In the memo, Jassy said the second phase of the company’s annual planning process — identifying which areas of the business to cut — was completed this month and resulted in additional layoffs. Amazon will still be hiring in some strategic areas, he said.
Read also | Bees vs Dogs! In South Texas, an unusual bee attack claimed the lives of two pet dogs.
“Some may ask why we didn’t announce these layoffs in the midst of the layoffs we announced a few months ago. The short answer is that not all of the teams had completed their analysis in late autumn; In the rush to complete these assessments due to the circumstances, we chose to share these decisions we made so that people have the information as quickly as possible,” Jassy said.
This time, the layoffs will hit the company’s profitable areas, including its cloud-computing unit AWS and its nascent advertising business. Amazon-owned gaming platform Twitch will also cut staff, as will Amazon’s PXT organization, which handles human resources and other functions.
The previous layoffs also affected the company’s stores division, PXT, which includes its e-commerce business as well as the company’s brick-and-mortar stores, such as Amazon Fresh and Amazon Go, and other units, such as the one that runs the virtual assistant Alexa.
Amazon has also been cutting spending in other areas. Earlier this month, the company said it was suspending construction on its northern Virginia headquarters building, though the first phase of the project will open in June with 8,000 employees.
Like other tech companies including Facebook parent Meta and Google parent Alphabet, Amazon has ramped up hiring during the pandemic to meet the needs of stuck-at-home Americans who are increasingly buying online stuff to protect yourself from viruses.
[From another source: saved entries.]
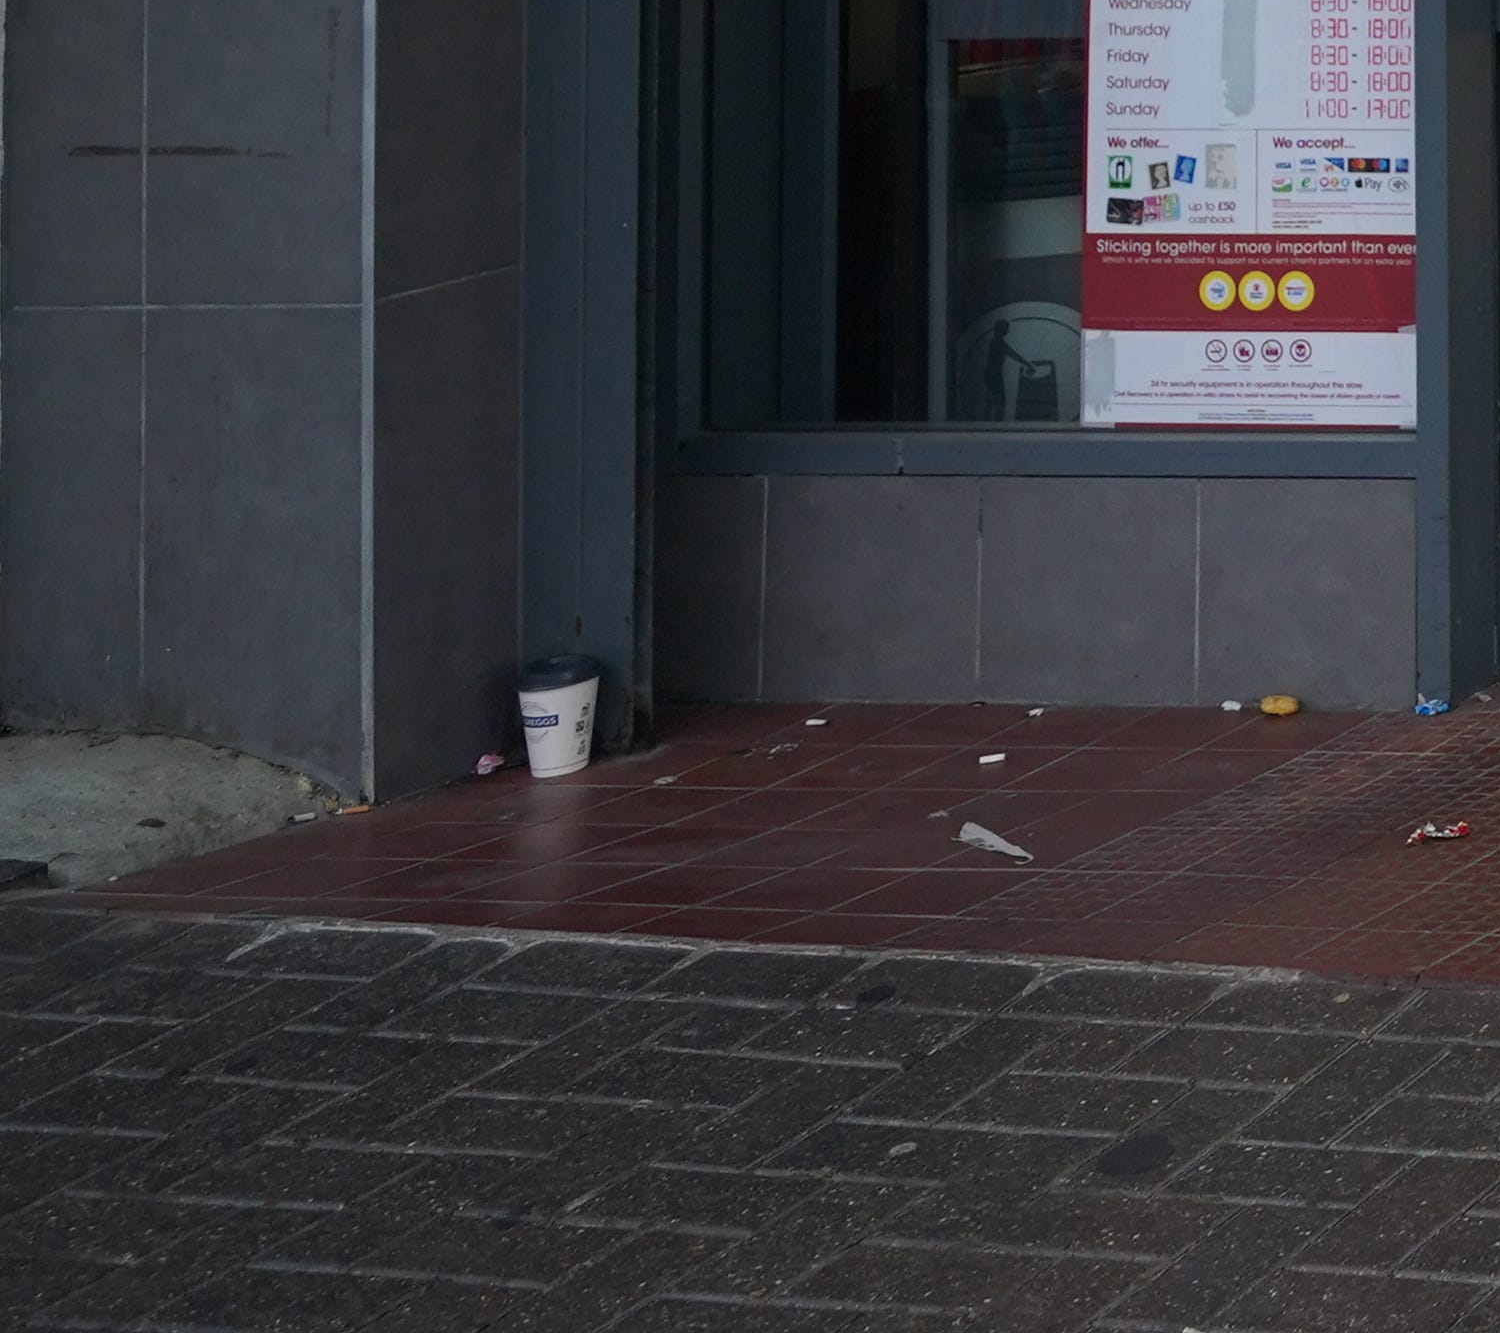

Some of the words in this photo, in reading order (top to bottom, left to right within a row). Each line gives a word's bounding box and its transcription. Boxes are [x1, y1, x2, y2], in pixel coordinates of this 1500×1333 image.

[1107, 22, 1171, 38] Thursday
[1106, 49, 1149, 65] Friday
[1106, 76, 1170, 91] Saturday
[1106, 102, 1160, 118] Sunday
[1107, 136, 1127, 148] We
[1272, 136, 1292, 149] We
[1364, 177, 1382, 192] Pay
[1188, 202, 1202, 212] up
[1205, 201, 1215, 210] to
[1218, 201, 1236, 211] £50
[1188, 214, 1235, 224] cashback
[1096, 238, 1151, 256] Sticking
[1155, 239, 1216, 256] together
[1220, 240, 1231, 253] is
[1235, 242, 1272, 254] more
[1276, 240, 1347, 256] important
[1352, 240, 1384, 254] than
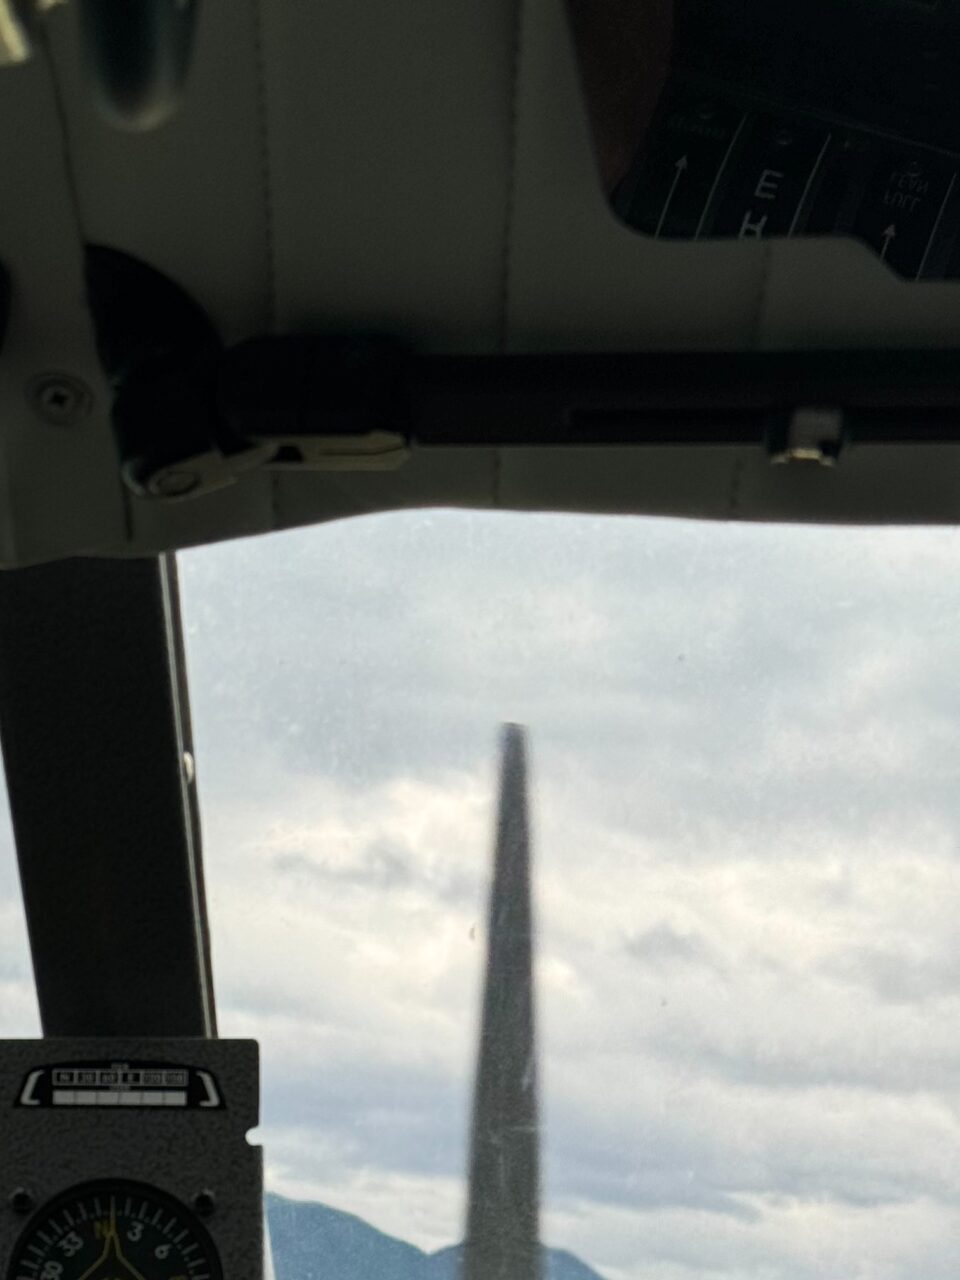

Its workforce — which includes warehouse workers and corporate roles — has doubled in about two years to more than 1.6 million people.
But demand has slowed as the worst of the pandemic eased — and the company last year began pausing or canceling its warehouse expansion plans to ensure it didn’t bleed unnecessary funds.
It is also starting to make other adjustments in some areas as fears of a potential recession begin to mount. In the past few months, it has shuttered a subsidiary that sold fabrics for nearly 30 years and shuttered its hybrid virtual home care service, Amazon Care, among other cost-cutting moves. (Associated Press)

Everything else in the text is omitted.